#Chapitre 43
Hésitante, je reste un long moment à fixer la mousseline bleu nuit de ma robe de bal avant d'enfin me décider à la décrocher de son cintre avec empressement pour ne pas me laisser le temps de changer d'avis. Franchement, j'ai beau savoir que c'est moi qui l'ai choisie, je me sens affreusement mal à l'aise tandis que le précieux tissu repose sur mes épaules. Le décolleté illusion finement brodée d'un léger filigrane dorée affines mes épaules tandis que la jupe évasée, sertie de quelques paillettes d'or également parsemées çà et là, marque joliment ma taille. Elle me va à ravir et c'est bien pour ça que je l'ai achetée, sous les conseils d'Ania, Charline et Jaz. Un bref regard vers les délicates sandales dorées à petit talon que je vais devoir porter et j'en ai mal aux pieds rien que d'y penser. Mais voilà, j'ai pris la décision au début de mois de devenir une version améliorée de moi-même et d'abandonner définitivement mon apparence de « poissonnière ». Alors avec le concert des filles, nous avons fait magasins sur magasins pour dénicher la tenue de bal parfaite pour marquer ce nouveau départ. La veille, j'ai passé la soirée avec elles, à subir leurs horribles tortures : manucure et pédicure, épilation, masque pour la peau en tout genre... Si nous n'avions pas passé tout ce temps à discuter et plaisanter, j'aurais sûrement passé un très mauvais moment, mais finalement, j'ai éprouvé un certain plaisir à prendre soin de moi en leur compagnie. Un peu de coquetterie de temps en temps ne fait de mal à personne, n'est-ce pas ?
- Tu viens pour que je te coiffe et te maquille ? m'appelle Jaz depuis sa chambre.
Nous avons réfléchi à nos coiffures respectives pendant des heures, avec nombres d'essais infructueux, mais le talent de ma meilleure amie a fini par faire des merveilles. Alors dans une confiance absolue, je m'installe sur le tabouret pour lui laisser champ libre. D'une main experte, elle commence par démêler mes ondulations hasardeuses avant de se mettre à l'œuvre. Un bon quart d'heure plus tard, une tresse sophistiquée a dompté mes cheveux de feu, tombant élégamment sur mon épaule droite. Elle parfait le tout d'un tour de fer à boucler avant de me tendre un écrin de velours rouge. Surprise, je l'interroge du regard, mais elle se contente de me désigner la petite boîte d'un signe de la tête, m'invitant à l'ouvrir. J'y découvre une fine broche sur laquelle se mêlent des saphirs, des aigues-marines et des apatites, m'apprend-elle.
-C'est un cadeau de notre part à toutes les trois, poursuit-elle.
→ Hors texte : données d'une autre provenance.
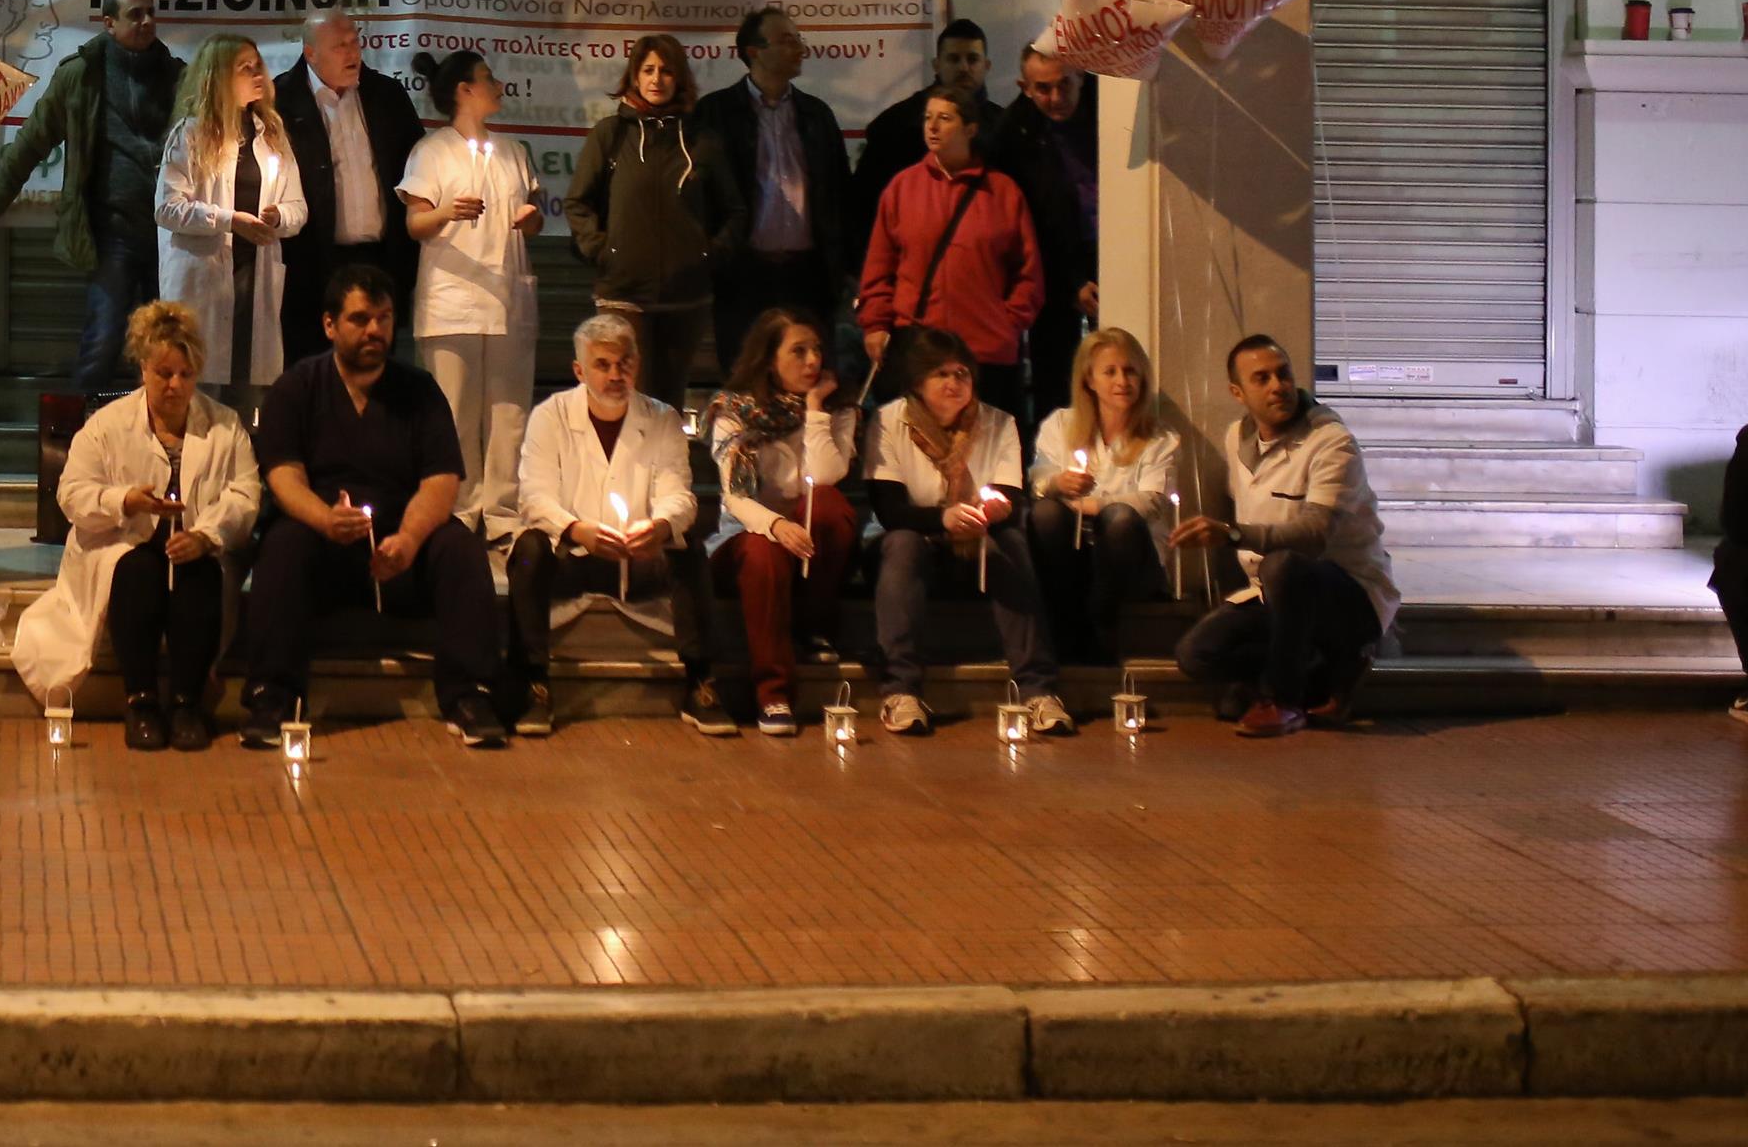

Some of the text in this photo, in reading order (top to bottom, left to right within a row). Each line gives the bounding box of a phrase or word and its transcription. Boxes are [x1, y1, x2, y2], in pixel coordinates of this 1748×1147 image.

[417, 33, 486, 56] στους
[492, 35, 582, 61] πολίτες
[587, 43, 616, 58] το
Emue, je la remercie d'un petit câlin auquel elle répond avec plaisir. Puis avec un faux air autoritaire, elle m'ordonne de me rassoir pour qu'elle puisse terminer son ouvrage. Sans plus attendre, elle insère sa broche aux différentes teintes de bleu dans ma crinière rousse puis s'attaque au maquillage. Après d'importantes négociations, elle finit par oublier le fard à paupière coloré, à la faveur de tons plus discrets de beige et de marrons. Elle dépose ensuite une fine couche de gloss légèrement rosé avant de contempler son chef-d'œuvre avec fierté.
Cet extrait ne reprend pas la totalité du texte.